Material for this exercise: Begin

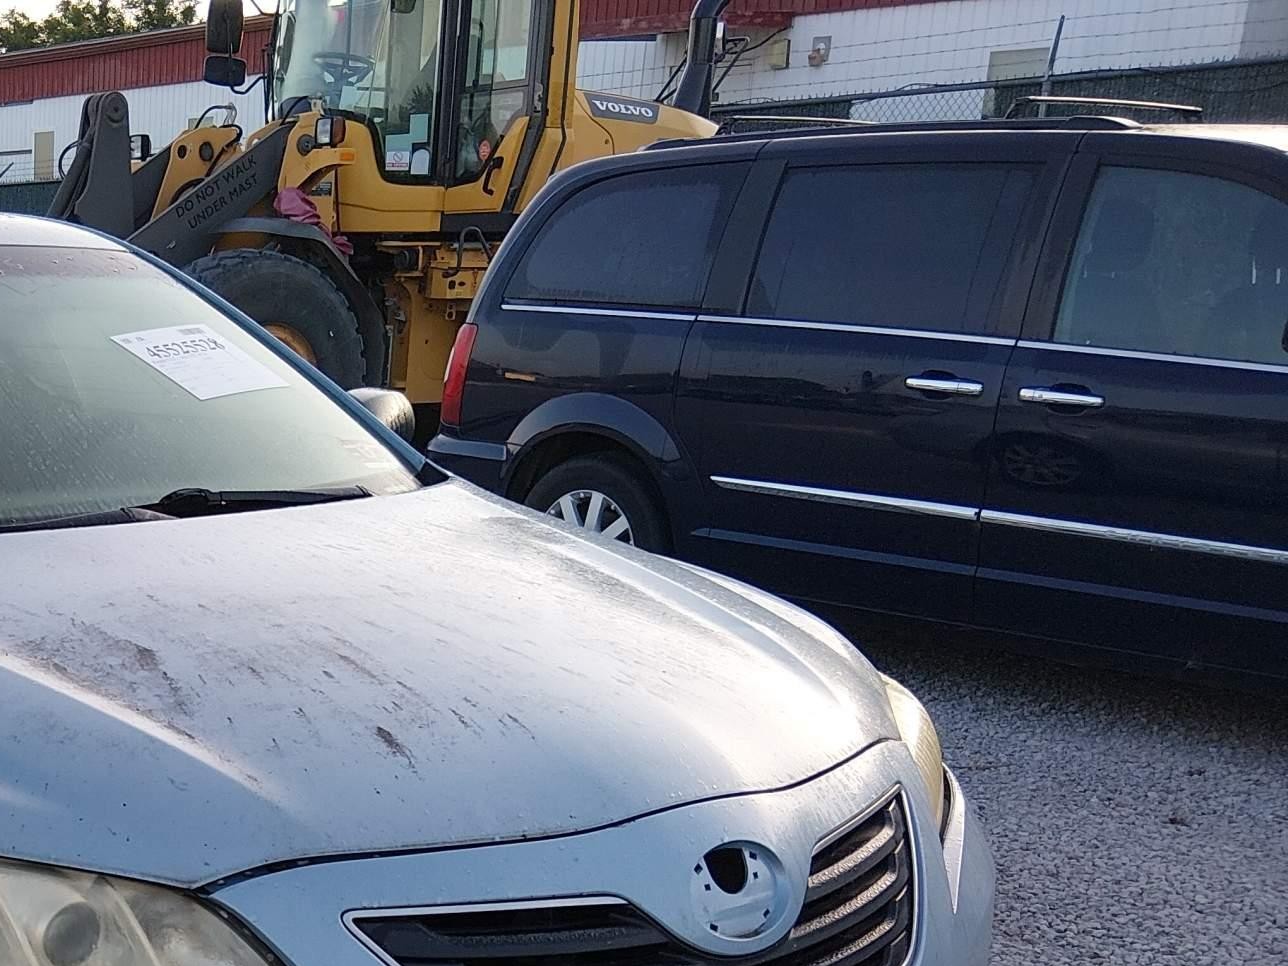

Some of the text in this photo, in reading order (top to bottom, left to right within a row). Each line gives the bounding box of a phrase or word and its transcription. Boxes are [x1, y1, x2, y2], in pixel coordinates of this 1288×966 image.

[592, 100, 653, 118] VOLVO
[175, 154, 257, 218] DO NOT WALK
[188, 174, 258, 229] UNDER MAST
[145, 337, 226, 360] 45525528
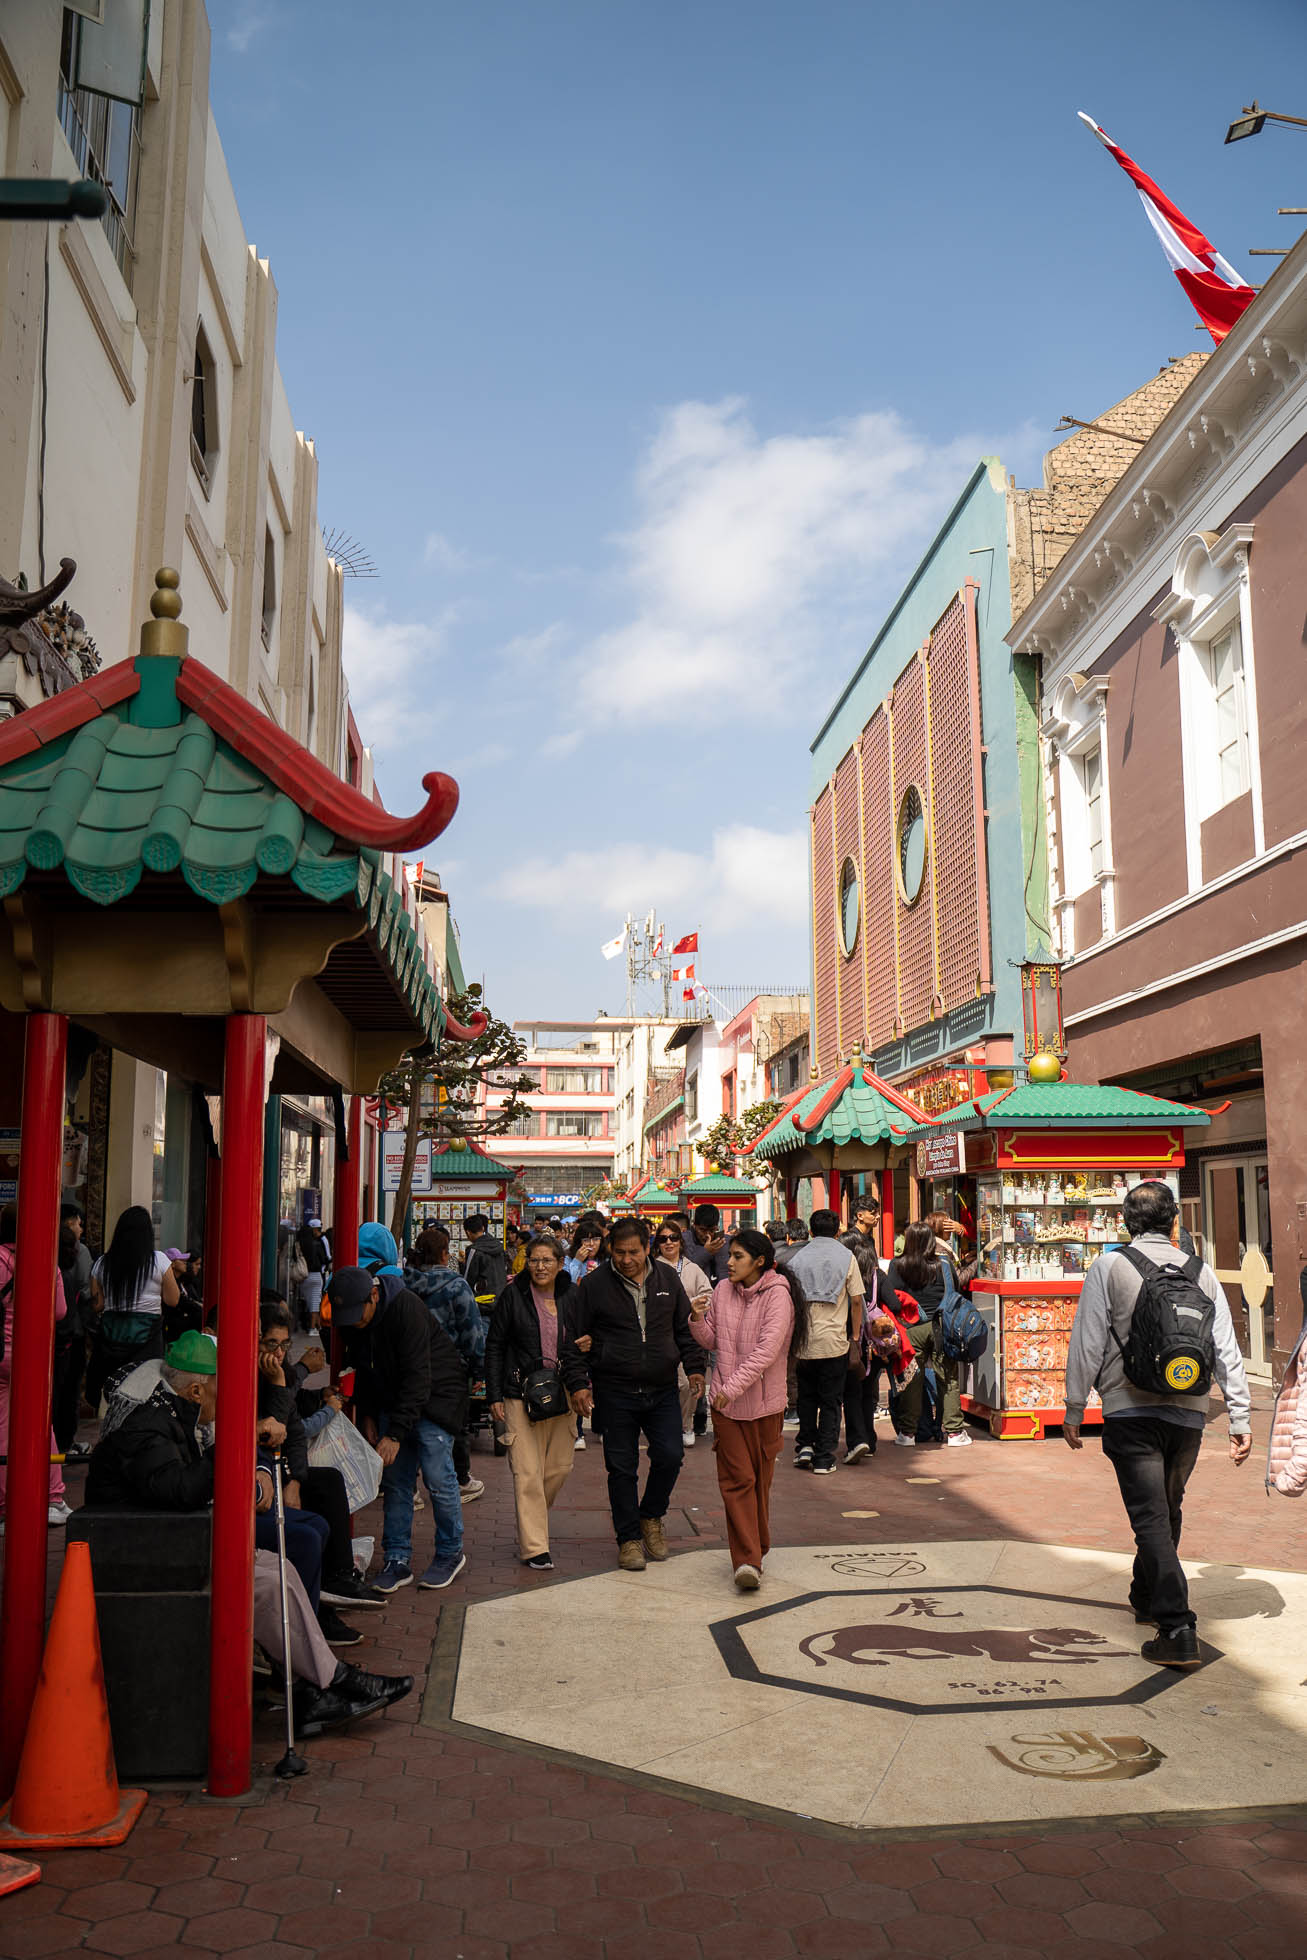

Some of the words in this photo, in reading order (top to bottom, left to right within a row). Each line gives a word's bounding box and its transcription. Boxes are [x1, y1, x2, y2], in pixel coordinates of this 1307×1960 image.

[558, 1195, 579, 1205] BCP
[884, 1597, 965, 1618] 虎
[994, 1680, 1021, 1688] 62
[976, 1688, 1005, 1696] 86
[1019, 1686, 1047, 1694] 98
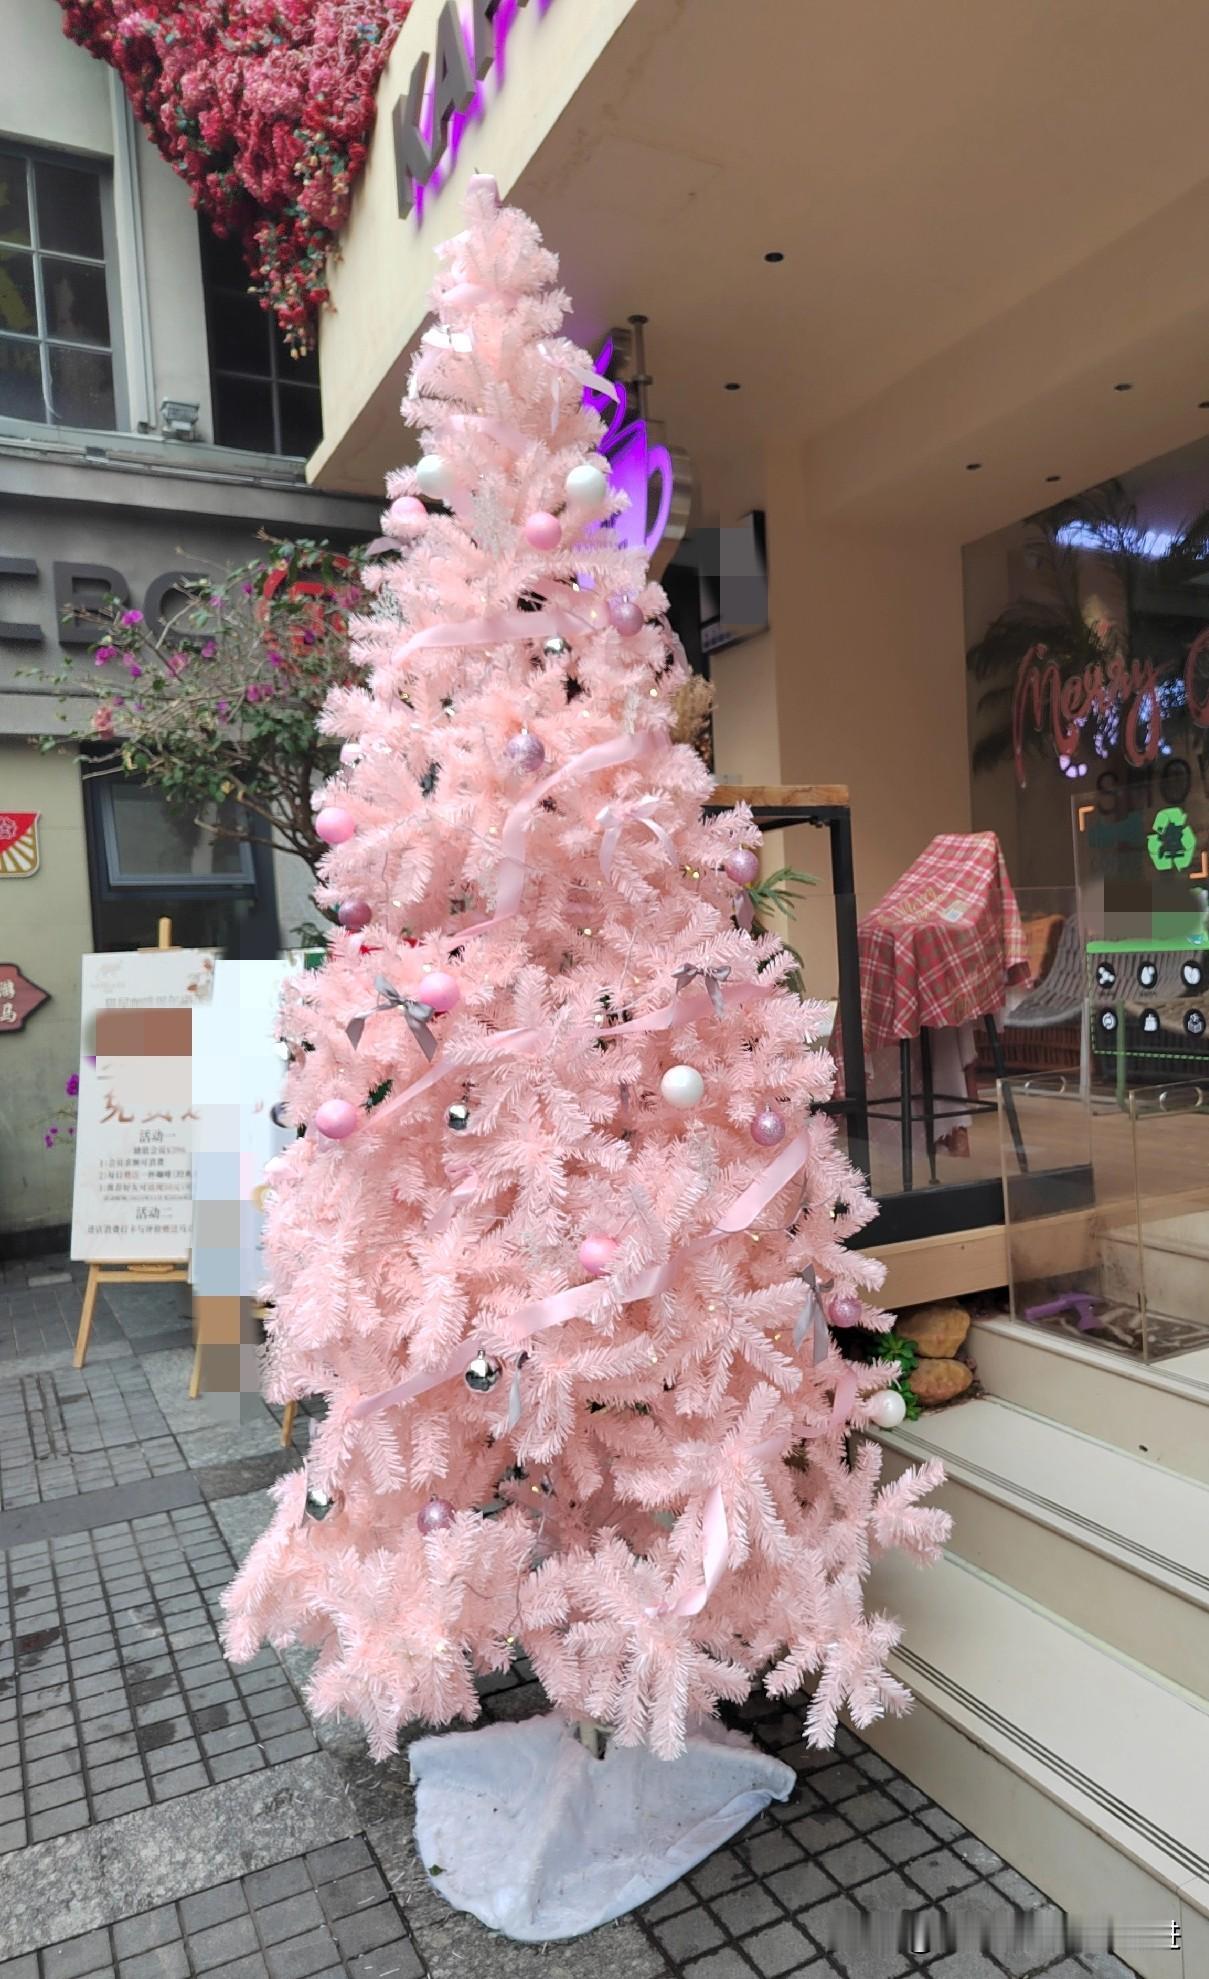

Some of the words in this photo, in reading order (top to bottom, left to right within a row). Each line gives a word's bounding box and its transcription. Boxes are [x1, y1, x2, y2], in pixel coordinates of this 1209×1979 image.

[392, 0, 529, 220] KA
[1013, 643, 1176, 788] Merry
[1096, 758, 1209, 816] SHO

Material for this exercise: End

Work to complete: Leaving every picture out, output the data exactly as it stands.

Completed exercise:
Some of the text in this photo, in reading order (top to bottom, left to right within a row). Each line gives the bounding box of a phrase or word and its transcription. Boxes are [x1, y1, x2, y2], in pixel coordinates of this 1288×966 image.

[592, 100, 653, 118] VOLVO
[175, 154, 257, 218] DO NOT WALK
[188, 174, 258, 229] UNDER MAST
[145, 337, 226, 360] 45525528

Some of the words in this photo, in reading order (top to bottom, left to right within a row). Each line gives a word's bounding box and its transcription. Boxes are [x1, y1, x2, y2], in pixel coordinates of this 1307×1960 image.

[558, 1195, 579, 1205] BCP
[884, 1597, 965, 1618] 虎
[994, 1680, 1021, 1688] 62
[976, 1688, 1005, 1696] 86
[1019, 1686, 1047, 1694] 98

Some of the words in this photo, in reading order (top to bottom, left to right within a row). Each line gives a word's bounding box and its transcription. Boxes are [x1, y1, x2, y2], in pixel coordinates of this 1209×1979 image.

[392, 0, 529, 220] KA
[1013, 643, 1176, 788] Merry
[1096, 758, 1209, 816] SHO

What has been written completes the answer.